■ TASK ITEM ■
Look through the entries below, please, and copy every line with the word "Rauchen".

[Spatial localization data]
◇ ◇ ◇

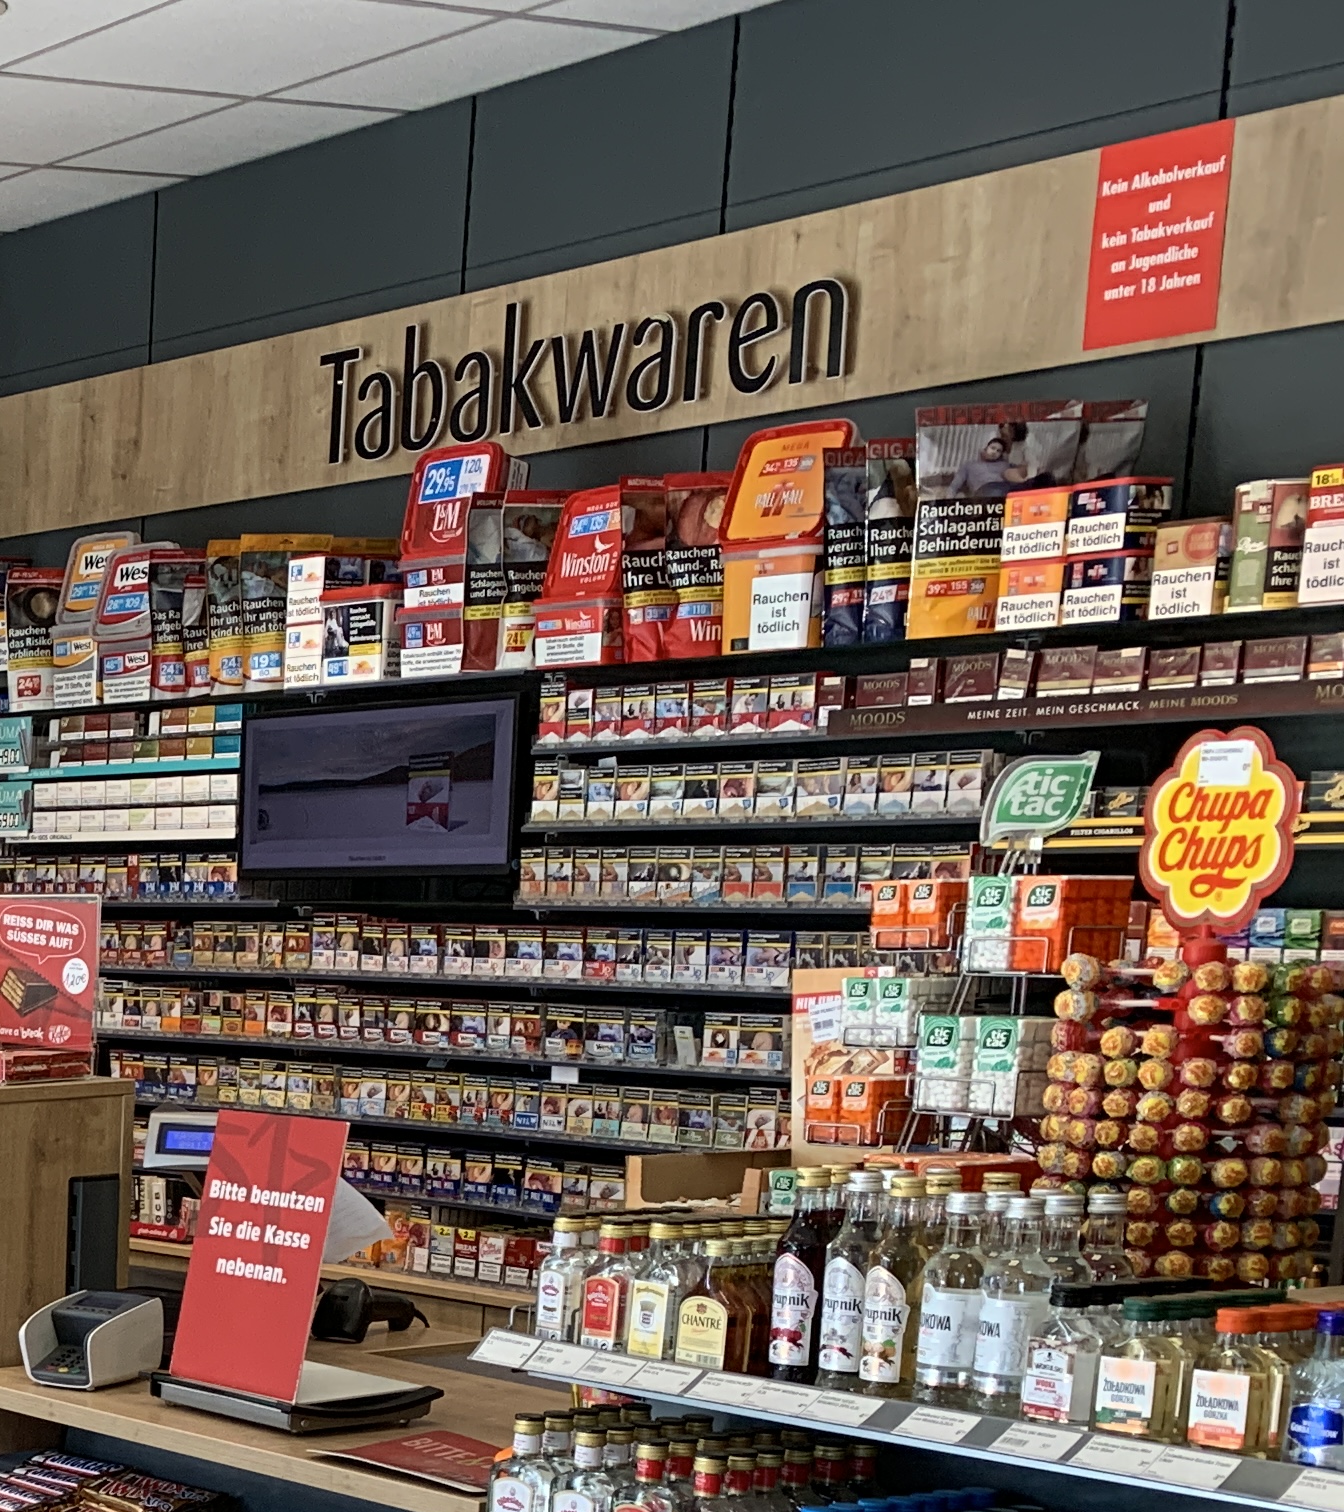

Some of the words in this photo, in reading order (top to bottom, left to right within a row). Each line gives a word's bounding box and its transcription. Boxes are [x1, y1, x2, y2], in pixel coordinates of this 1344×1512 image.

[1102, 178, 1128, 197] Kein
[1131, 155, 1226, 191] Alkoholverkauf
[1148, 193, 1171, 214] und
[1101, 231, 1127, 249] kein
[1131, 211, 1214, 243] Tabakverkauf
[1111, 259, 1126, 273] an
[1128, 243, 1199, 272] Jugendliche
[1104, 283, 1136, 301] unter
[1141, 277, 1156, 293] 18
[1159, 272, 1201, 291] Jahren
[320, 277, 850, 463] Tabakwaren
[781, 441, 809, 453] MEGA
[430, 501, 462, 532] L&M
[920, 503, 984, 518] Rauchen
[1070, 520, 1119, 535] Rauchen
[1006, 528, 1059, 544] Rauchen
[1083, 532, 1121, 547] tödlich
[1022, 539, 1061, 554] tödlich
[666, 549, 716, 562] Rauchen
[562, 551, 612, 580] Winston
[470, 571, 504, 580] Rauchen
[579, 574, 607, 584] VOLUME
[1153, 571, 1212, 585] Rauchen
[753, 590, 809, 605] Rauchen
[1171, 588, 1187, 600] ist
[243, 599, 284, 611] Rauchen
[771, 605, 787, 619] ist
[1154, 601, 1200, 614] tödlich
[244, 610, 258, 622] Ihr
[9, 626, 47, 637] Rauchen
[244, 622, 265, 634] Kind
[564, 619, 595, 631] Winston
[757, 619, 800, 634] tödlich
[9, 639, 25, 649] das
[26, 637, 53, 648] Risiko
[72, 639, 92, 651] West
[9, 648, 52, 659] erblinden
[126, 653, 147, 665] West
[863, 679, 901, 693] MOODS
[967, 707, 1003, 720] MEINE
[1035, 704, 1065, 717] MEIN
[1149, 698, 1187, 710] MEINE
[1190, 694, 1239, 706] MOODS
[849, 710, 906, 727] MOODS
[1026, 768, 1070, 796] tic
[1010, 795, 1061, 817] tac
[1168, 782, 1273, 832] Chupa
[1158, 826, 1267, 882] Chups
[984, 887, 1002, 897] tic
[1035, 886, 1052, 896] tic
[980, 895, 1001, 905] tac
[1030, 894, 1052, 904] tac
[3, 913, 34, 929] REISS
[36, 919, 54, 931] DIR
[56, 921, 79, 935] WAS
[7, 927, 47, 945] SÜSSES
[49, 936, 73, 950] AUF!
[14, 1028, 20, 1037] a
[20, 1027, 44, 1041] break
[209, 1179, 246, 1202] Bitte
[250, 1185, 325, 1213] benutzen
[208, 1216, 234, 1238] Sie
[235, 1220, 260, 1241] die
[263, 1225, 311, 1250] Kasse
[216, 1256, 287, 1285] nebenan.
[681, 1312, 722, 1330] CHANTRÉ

◇ ◇ ◇

■ ANSWER TO THIS EXERCISE ■
[920, 503, 984, 518] Rauchen
[1070, 520, 1119, 535] Rauchen
[1006, 528, 1059, 544] Rauchen
[666, 549, 716, 562] Rauchen
[470, 571, 504, 580] Rauchen
[1153, 571, 1212, 585] Rauchen
[753, 590, 809, 605] Rauchen
[243, 599, 284, 611] Rauchen
[9, 626, 47, 637] Rauchen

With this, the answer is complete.